It was a sweet day of simple activities, of hot tea and Christmas stollen, wrapped up with a feast at a friend's. We sat at a long table, every chair different from the other, a pot roast ourselves of German, British, Scottish, Canadian and our village's very own American poet. We feasted on roasted leg of lamb, chicken, squash, zucchini, potatoes, brussel sprouts, spiced beans, and even a proper English pudding lit with blue flames. Throughout the dinner, countless games of telephone tag were played around the table, words jumbled through languages and the childrens' interpretations. We drank local wine and finished the evening with a game show and play put on by the young boys.

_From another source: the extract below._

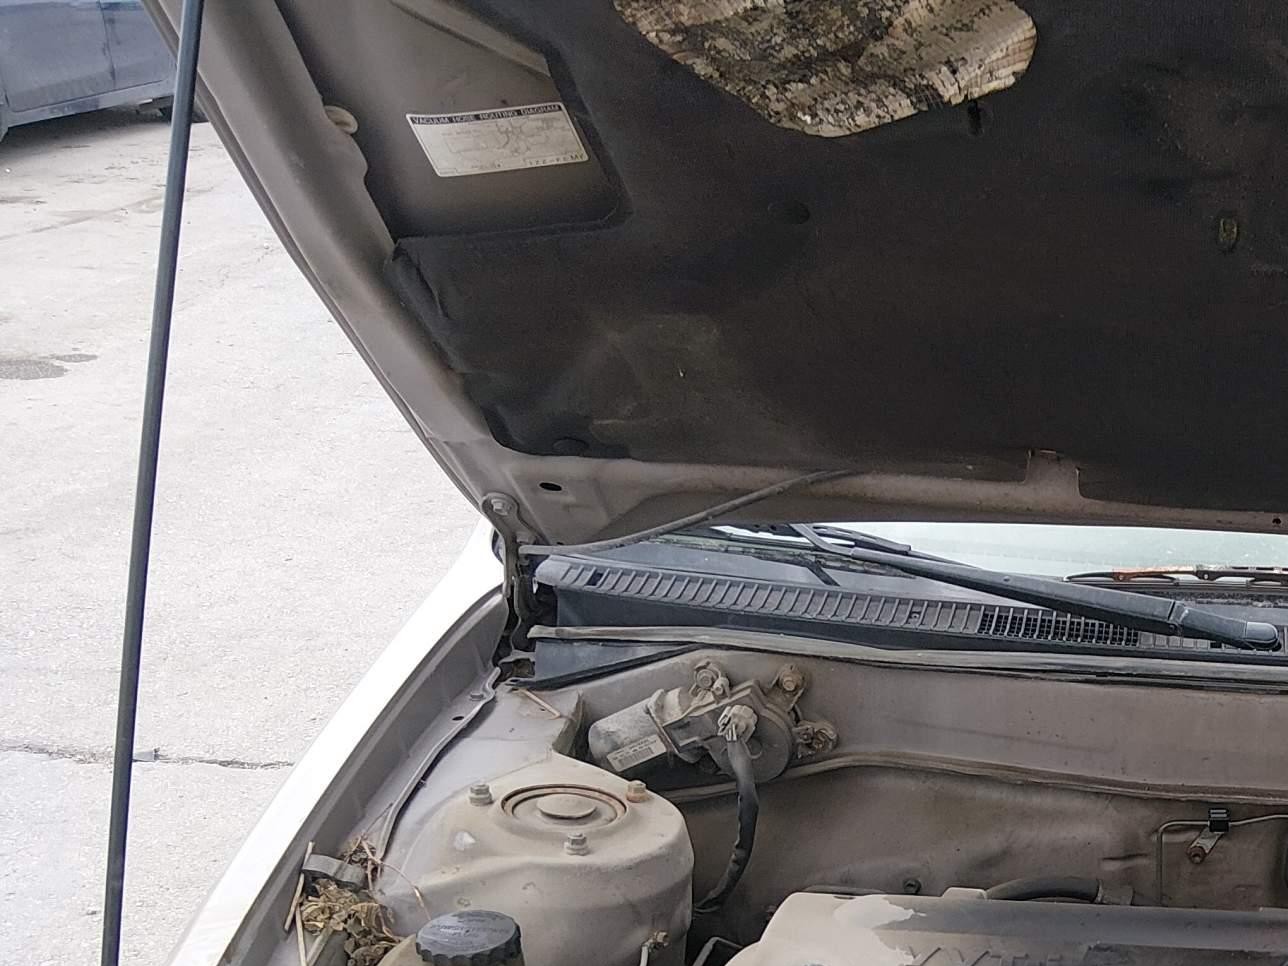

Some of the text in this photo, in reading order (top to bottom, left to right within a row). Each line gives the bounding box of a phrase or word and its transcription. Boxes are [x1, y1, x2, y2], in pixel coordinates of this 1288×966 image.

[411, 104, 560, 125] VACUUM HOSE ROUTING DIAGRAM

This village will always feel like home to me, it is a part of my childhood, my adolescence, my adulthood, and the place I hope to grow old and grey. It was a perfect day, and as I said to my parents this morning "There isn't anywhere else in the world I'd rather be right now." I am fortunate to be here, in so many ways, and everything else that I have in my life. I can't ask for anything this year because I have already been given so much. All I have to give is gratitude, and it is too big to fit under the tree.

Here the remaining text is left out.